In an experiment using the enzyme Catalase, $20\text{ cm}^3$ of $O_2$ gas was collected in $40\text{ seconds}$. Calculate the average rate of reaction.

$\text{Rate} = \frac{20\text{ cm}^3}{40\text{ s}} = 0.5\text{ cm}^3/\text{s}$

The rate is determined by dividing the total volume of product ($O_2$) by the time taken for the reaction to occur.

An enzyme-controlled reaction has a rate of $12\text{ units/s}$ at $25^\circ C$. If the $Q_{10}$ for this enzyme is $2.0$, what is the estimated rate at $35^\circ C$?

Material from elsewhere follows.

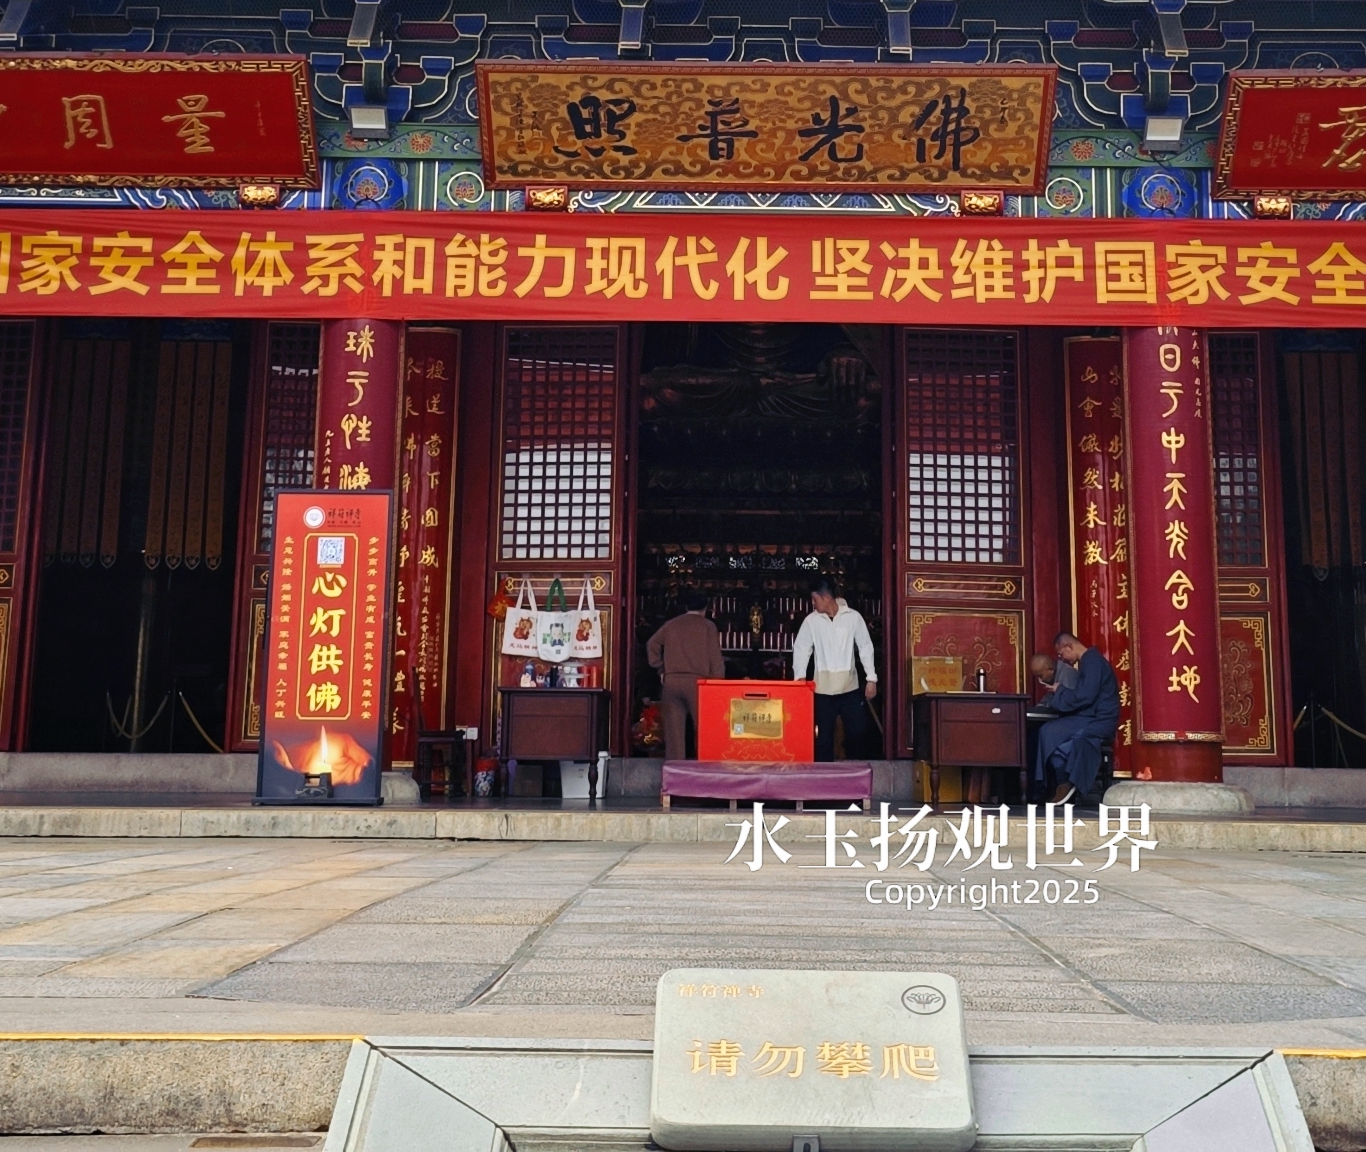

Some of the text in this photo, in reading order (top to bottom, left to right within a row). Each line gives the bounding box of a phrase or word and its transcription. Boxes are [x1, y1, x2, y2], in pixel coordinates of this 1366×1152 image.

[306, 569, 348, 714] 心灯供佛
[685, 1038, 942, 1081] 请勿攀爬

$\text{New Rate} = 12 \times 2.0 = 24\text{ units/s}$

The $Q_{10}$ (Temperature Coefficient) represents the factor by which the rate increases when the temperature is raised by $10^\circ C$.

Explain why the reaction rate of Salivary Amylase drops to zero when it reaches the stomach where the $pH$ is approximately $2.0$.

The high concentration of $H^+$ ions at $pH\ 2.0$ disrupts the ionic and hydrogen bonds in the enzyme, leading to denaturation.

Amylase has an optimal $pH$ of approximately $7.0$. The acidic environment of the stomach changes the shape of the active site, so it is no longer complementary to the starch substrate.